David Bruce: William Shakespeare’s 3 HENRY VI: A Retelling in Prose — Act 5, Scenes 5-7 (Conclusion)

— 5.5 —

The battle was over, and King Edward IV was triumphant. King Edward IV, Duke Richard of Gloucester, and Duke George of Clarence stood together with their prisoners: Queen Margaret, the Earl of Oxford, and the Duke of Somerset. Many Yorkist soldiers were present.

King Edward IV said, “Now here ends our tumultuous broils. Take the Earl of Oxford away to Hames Castle immediately. As for the Duke of Somerset, cut off his guilty head. Go, take them away; I will not hear them speak.”

The Earl of Oxford said, “For my part, I’ll not trouble you with words.”

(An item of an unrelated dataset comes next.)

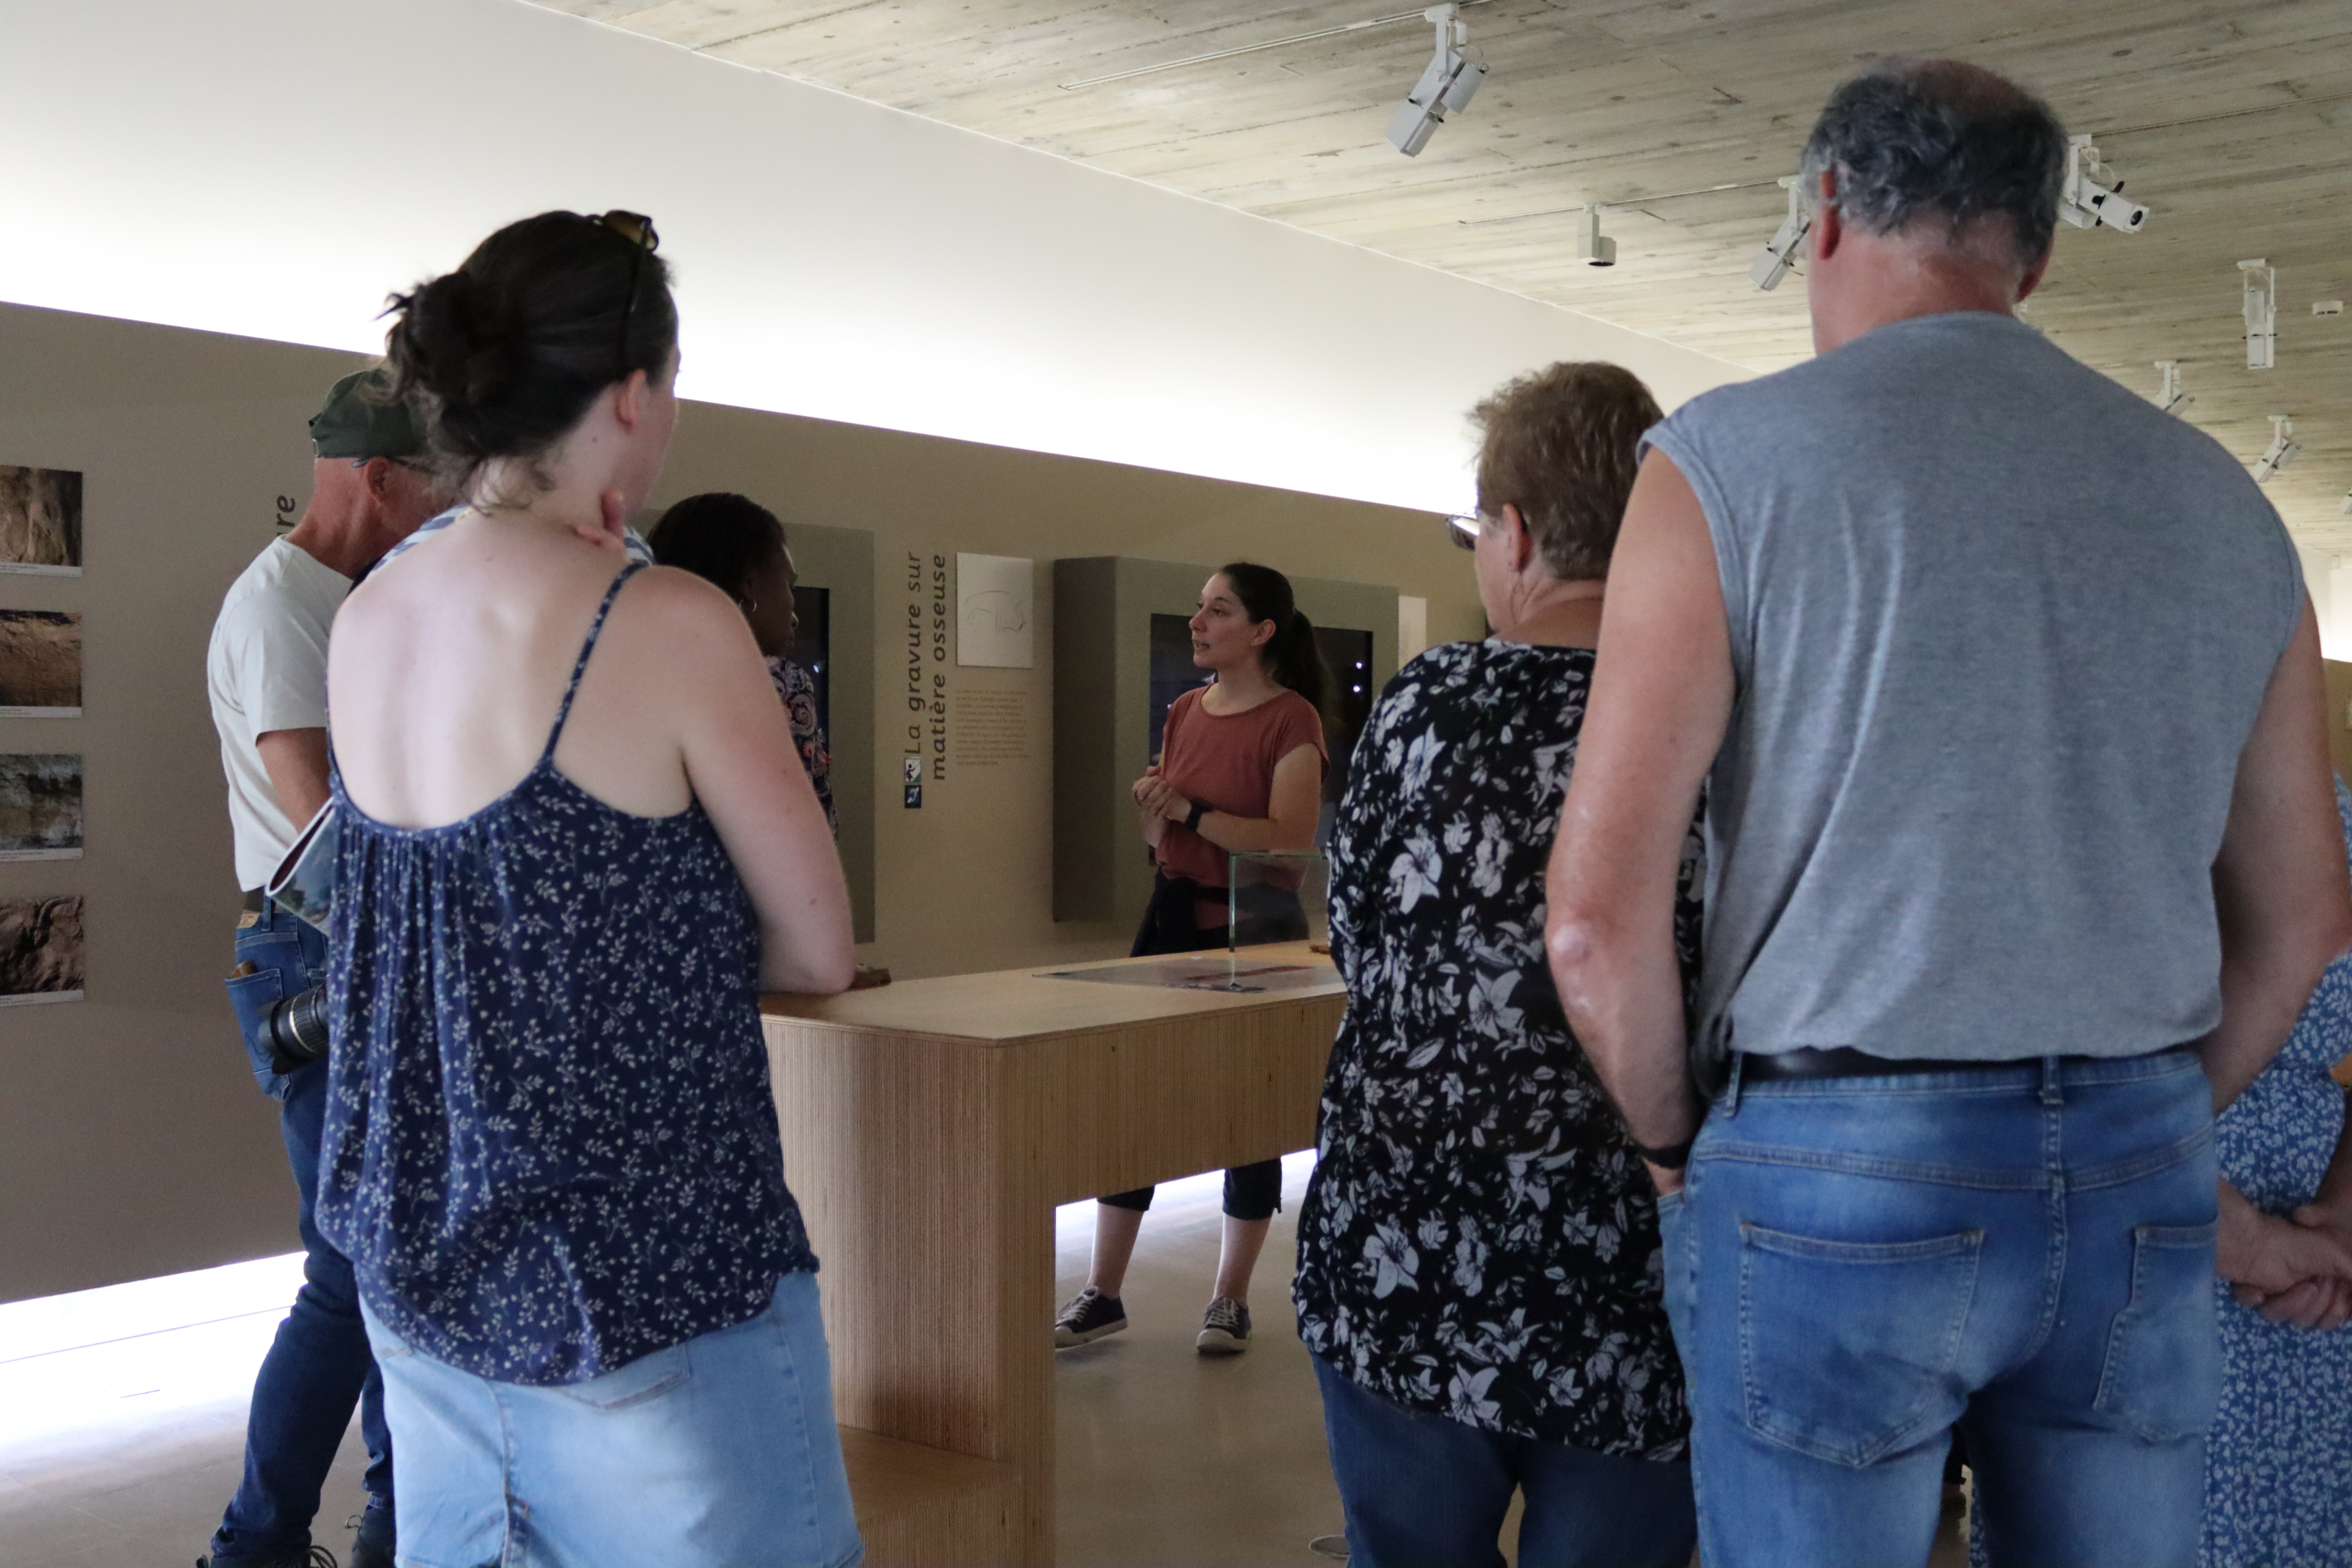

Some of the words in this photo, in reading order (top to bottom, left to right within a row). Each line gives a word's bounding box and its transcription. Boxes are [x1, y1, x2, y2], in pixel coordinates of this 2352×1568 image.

The Duke of Somerset said, “Nor will I, but I bow with patience to my ill fortune.”

Queen Margaret said to the Earl of Oxford and the Duke of Somerset, “So part we sadly in this troublous world, but we will meet with joy in the sweet city of Jerusalem in Heaven.”

Guards took away the Earl of Oxford and the Duke of Somerset.

King Edward IV said, “Has the proclamation been made that whoever finds Prince Edward, Queen Margaret’s son, shall have a large reward, and Prince Edward shall keep his life?”

“The proclamation has been made,” Duke Richard of Gloucester said, “and look, here comes the youthful Prince Edward!”

Soldiers arrived, bringing Prince Edward.

King Edward IV said, “Bring forth the gallant, and let us hear him speak. What! Can so young a thorn begin to prick? Prince Edward, what penalty can you pay for bearing arms, for stirring up my subjects to rebel against me, and for all the trouble you have caused me?”

Prince Edward replied, “Speak like a subject, proud ambitious York! Suppose that I am now my father’s mouthpiece. Resign your throne, and where I stand kneel before me, while I say the same questions to you, traitor, which you would have me answer.”

Queen Margaret said, “I wish that your father had been so resolute!”

Duke Richard of Gloucester said, “If he had been, then you might always have worn the petticoat, and never have stolen the pants from your husband, Henry VI, and worn them.”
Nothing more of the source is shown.